Caddel was born in Bedford and grew up in Gillingham, Kent. He studied music at the University of Newcastle, but changed to English after meeting Bunting and Tom and Connie Pickard. He helped the Pickards organise the seminal Morden Tower poetry readings.
Caddel's work was influenced by Bunting, by the Americans Lorine Niedecker, Louis Zukofsky, Robert Creeley and William Carlos Williams, and by the English landscape tradition as represented by John Clare, with whom he was pleased to share a birthday.
He published a number of small pamphlets, most of which were collected in three books; Sweet Cicely (1983), Uncertain Time (1990) and Larksong Signal (1997) A selected poems, Magpie Words appeared in 2002. His final book, Writing In The Dark, was published in late 2003.
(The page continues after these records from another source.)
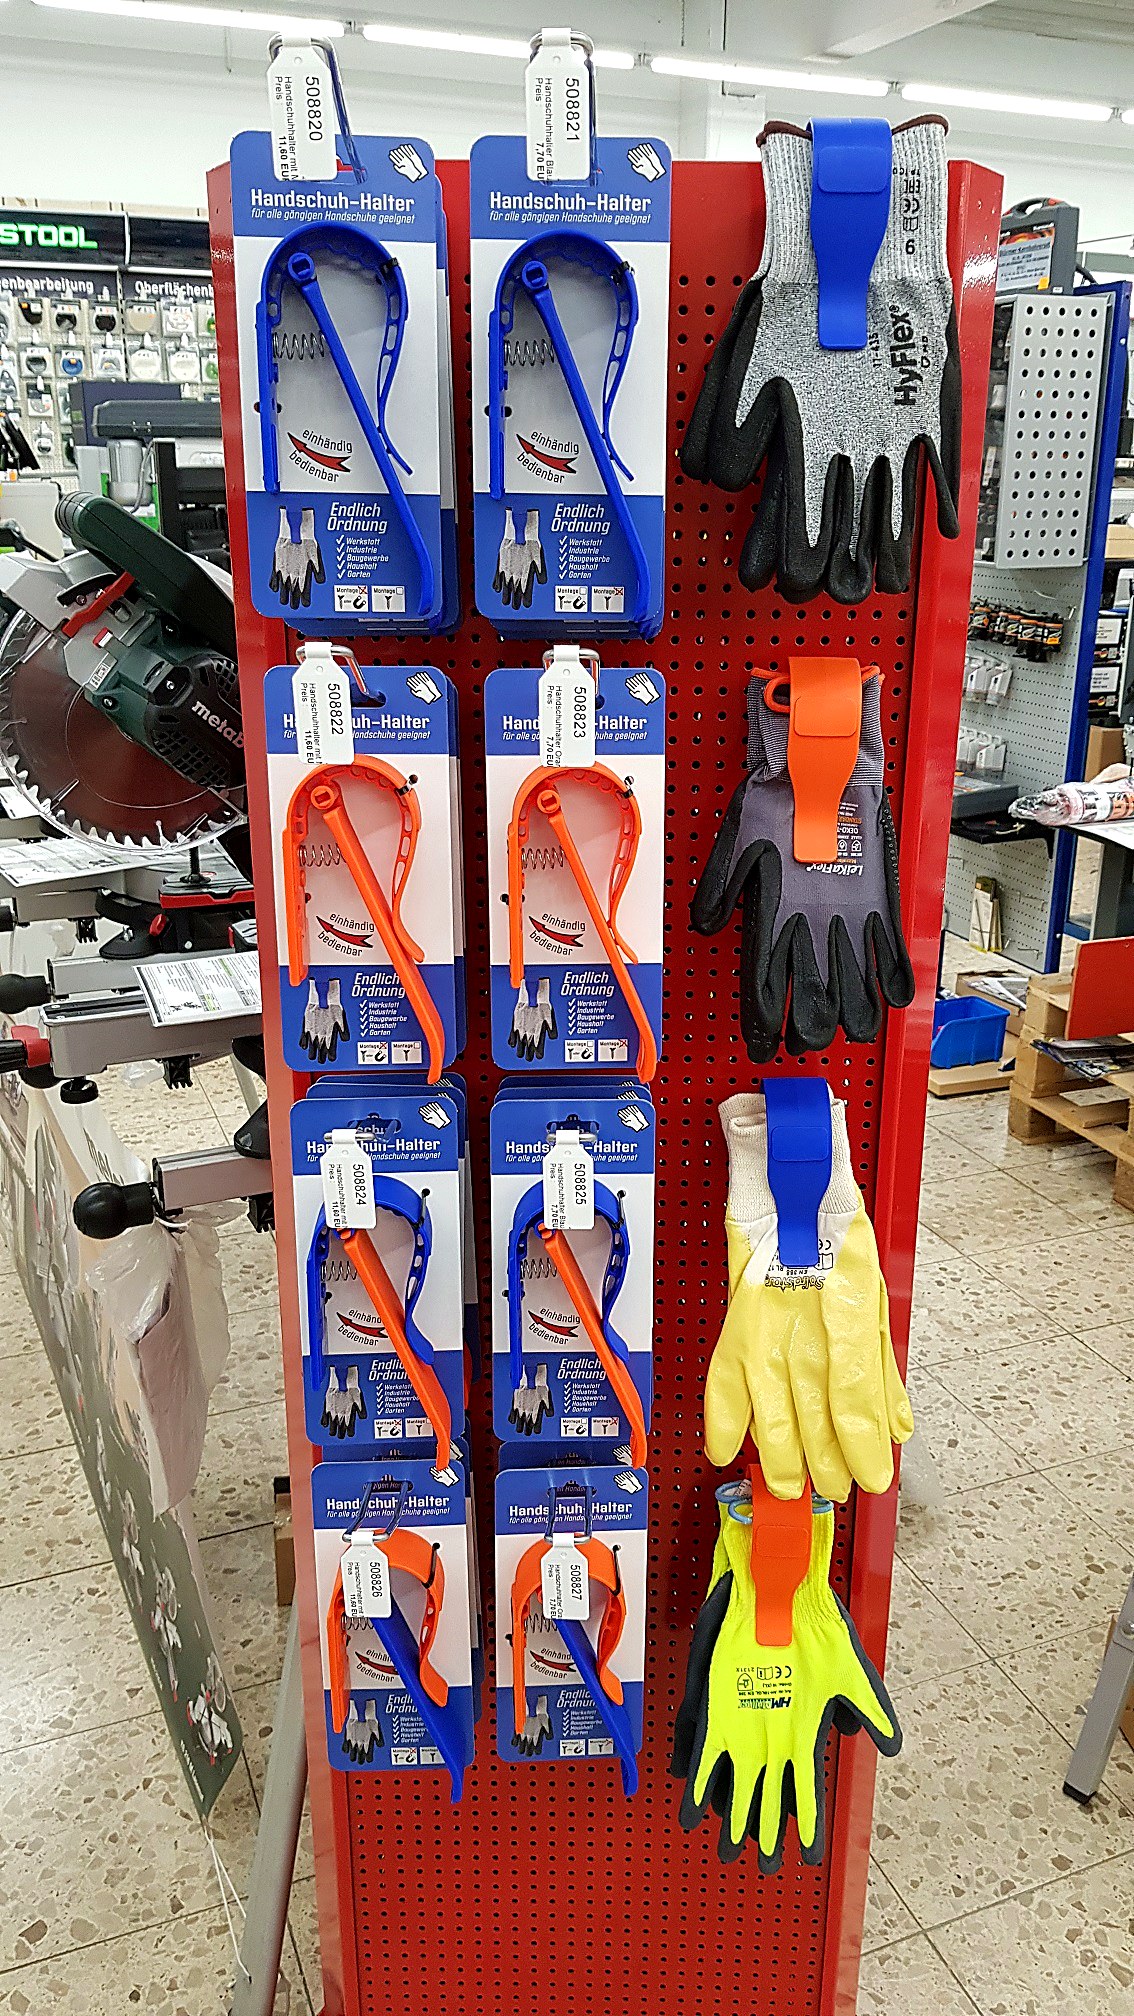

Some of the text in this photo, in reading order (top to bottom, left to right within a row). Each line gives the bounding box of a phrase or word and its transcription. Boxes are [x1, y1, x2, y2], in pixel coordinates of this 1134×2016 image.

[306, 76, 323, 141] 508820
[544, 77, 553, 158] Handschuhhalter
[566, 77, 580, 140] 508821
[284, 76, 298, 173] Handschuhhalter mit
[279, 136, 287, 160] 11,60
[536, 142, 544, 163] 7,70
[251, 188, 415, 212] Handschuh-Halter
[490, 191, 651, 211] Handschuh-Halter
[251, 208, 415, 224] für alle gängigen Handschuhe geeignet
[490, 211, 651, 224] für alle gängigen Handschuhe geeignet
[303, 428, 353, 453] einhändig
[531, 431, 579, 455] einhändig
[289, 450, 339, 483] bedienbar
[517, 452, 565, 484] bedienbar
[330, 502, 381, 517] Endlich
[555, 503, 604, 519] Endlich
[327, 517, 387, 534] Ordnung
[551, 518, 610, 535] Ordnung
[569, 538, 602, 546] Werkstatt
[346, 554, 389, 562] Baugewerbe
[569, 555, 610, 563] Baugewerbe
[569, 563, 598, 571] Haushalt
[309, 683, 320, 746] Handschuhhalter
[328, 683, 344, 735] 508822
[555, 686, 563, 748] Handschuhhalter
[574, 686, 587, 738] 508823
[284, 730, 296, 739] für
[305, 730, 313, 749] 11,60
[397, 731, 430, 740] geeignet
[503, 731, 515, 740] für
[516, 732, 530, 740] alle
[615, 731, 647, 741] geeignet
[546, 736, 554, 753] 7,70
[329, 912, 375, 933] einhändig
[542, 912, 586, 932] einhändig
[318, 931, 363, 957] bedienbar
[529, 930, 573, 956] bedienbar
[355, 972, 400, 985] Endlich
[564, 972, 609, 984] Endlich
[351, 985, 406, 998] Ordnung
[560, 984, 614, 997] Ordnung
[411, 1152, 441, 1161] geeignet
[608, 1154, 638, 1163] geeignet
[353, 1164, 367, 1206] 508824
[574, 1163, 587, 1205] 508825
[540, 1308, 580, 1324] einhändig
[338, 1325, 379, 1346] bedienbar
[529, 1323, 569, 1345] bedienbar
[560, 1358, 601, 1369] Endlich
[557, 1369, 607, 1380] Ordnung
[370, 1562, 382, 1597] 508826
[571, 1564, 582, 1600] 508827
[357, 1663, 395, 1683] bedienbar
[530, 1661, 567, 1679] bedienbar
[771, 1697, 791, 1709] HM
With his wife Ann, Caddel ran Pig Press, through which he published a number of the more interesting avant-garde British, Irish and American poets of the latter half of the 20th century.
Caddel edited Buntings Uncollected Poems in 1991 and his Complete Poems in 1994. With Peter Quartermain, he edited the anthology Other: British And Irish Poetry Since 1970 (1998). A lifelong asthmatic, Caddel died of leukaemia on April Fool's Day, 2003.